Shaanxi (陝西) provincial police arrested a noodle seller in 2014 after being tipped off by a failed drugs test. Seven restaurants were closed in Ningxia (寧夏) province in 2012 for using the additive and Guizhou (貴州) province shut down 215 restaurants in 2004.
Hu Ling, the general manager of Hu Da, a popular chain with several adjacent locations on the busy Beijing nightlife strip known as Ghost Street (簋街), confirmed that the company was under investigation, saying it may have unknowingly sourced seasoning containing opiates. She declined further comment.

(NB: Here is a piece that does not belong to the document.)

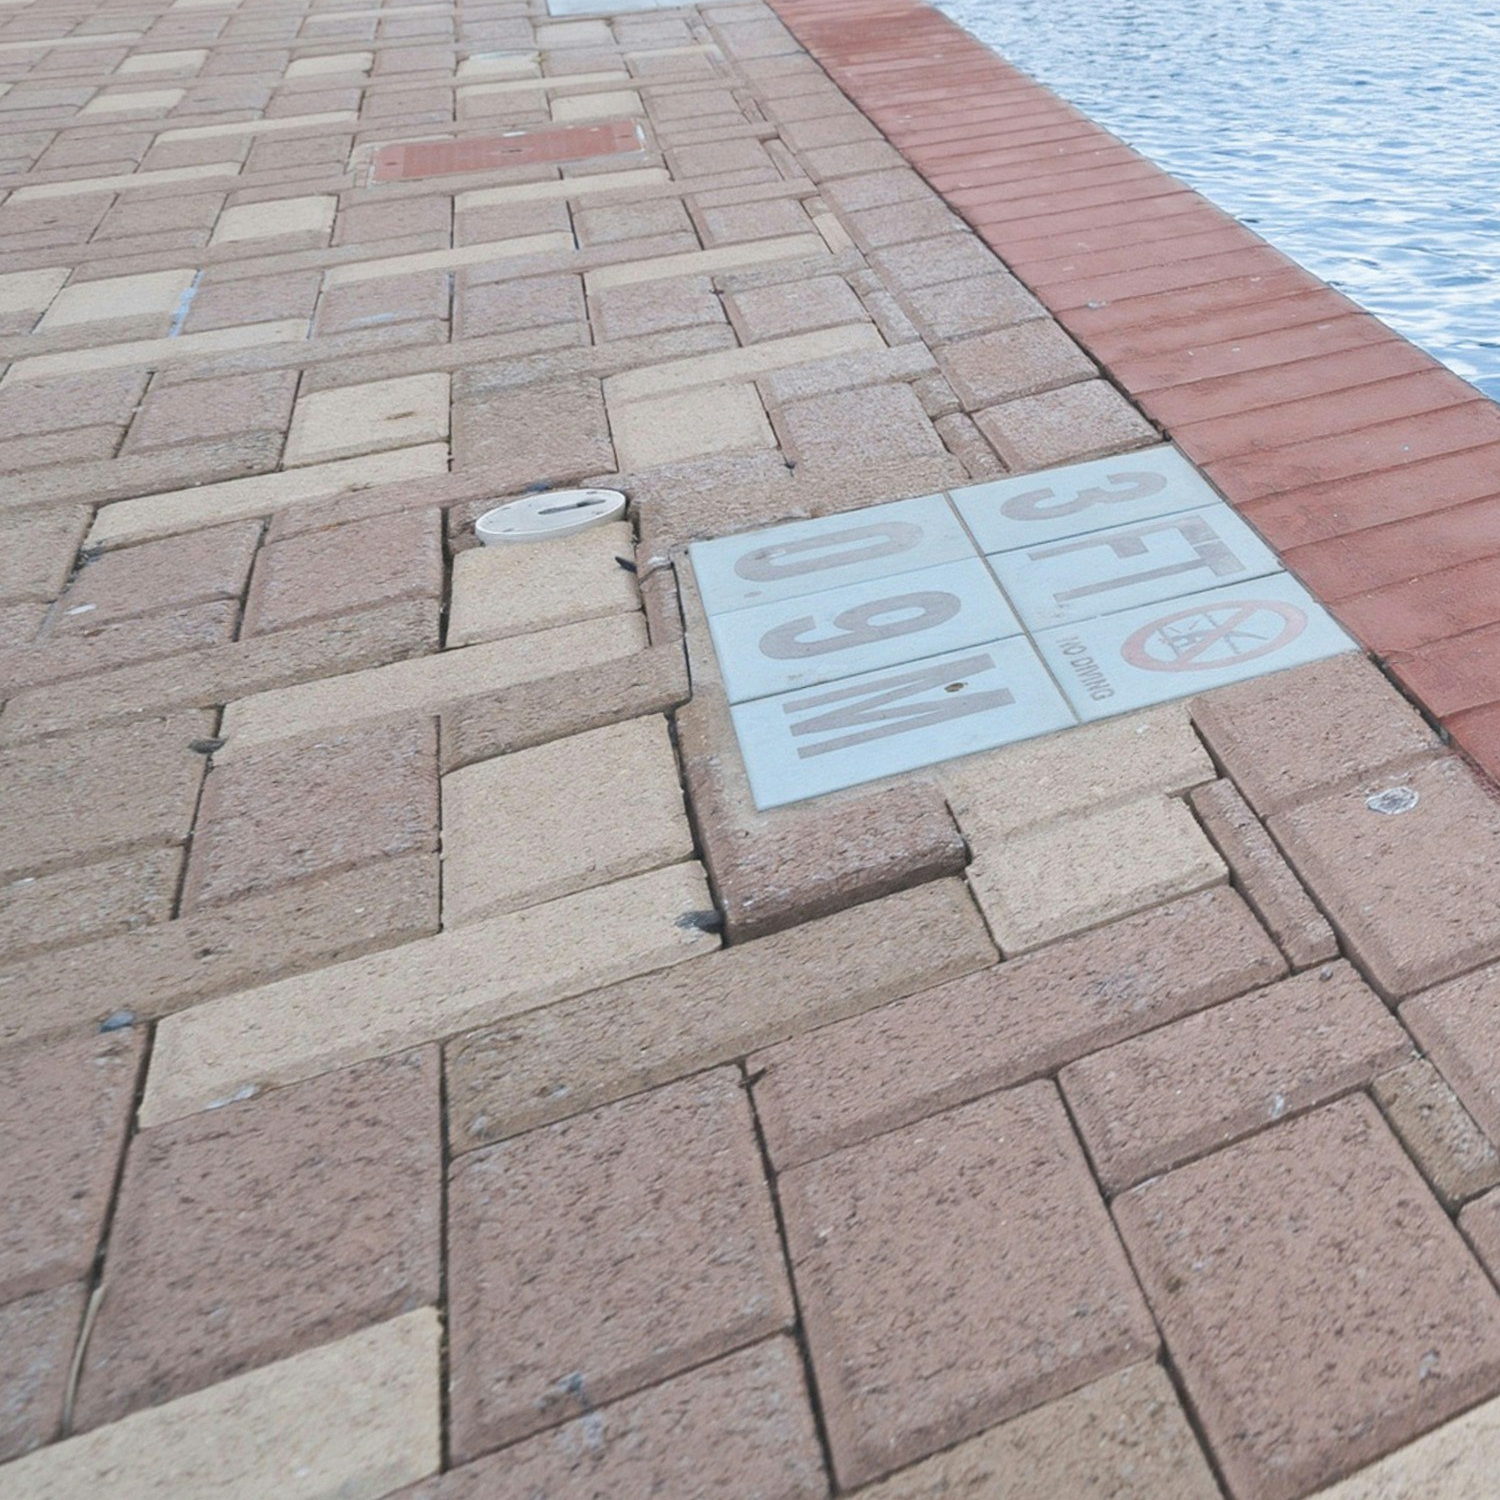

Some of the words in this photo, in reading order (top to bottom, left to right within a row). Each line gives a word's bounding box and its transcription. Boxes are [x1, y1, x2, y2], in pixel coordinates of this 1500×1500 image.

[1000, 470, 1167, 521] 3
[1027, 515, 1246, 608] FT
[1071, 657, 1115, 701] DIVING

Poppy powder, made from capsules and shells that contain higher opiate content than the seeds commonly seen on bagels, can be easily purchased in markets in western China for about US$60 (HK$468) a kilogram. The additives were commonly mixed with chilli oil and powders, making detection difficult without laboratory equipment.
(This article is published on The Student Standard on 27 January 2016)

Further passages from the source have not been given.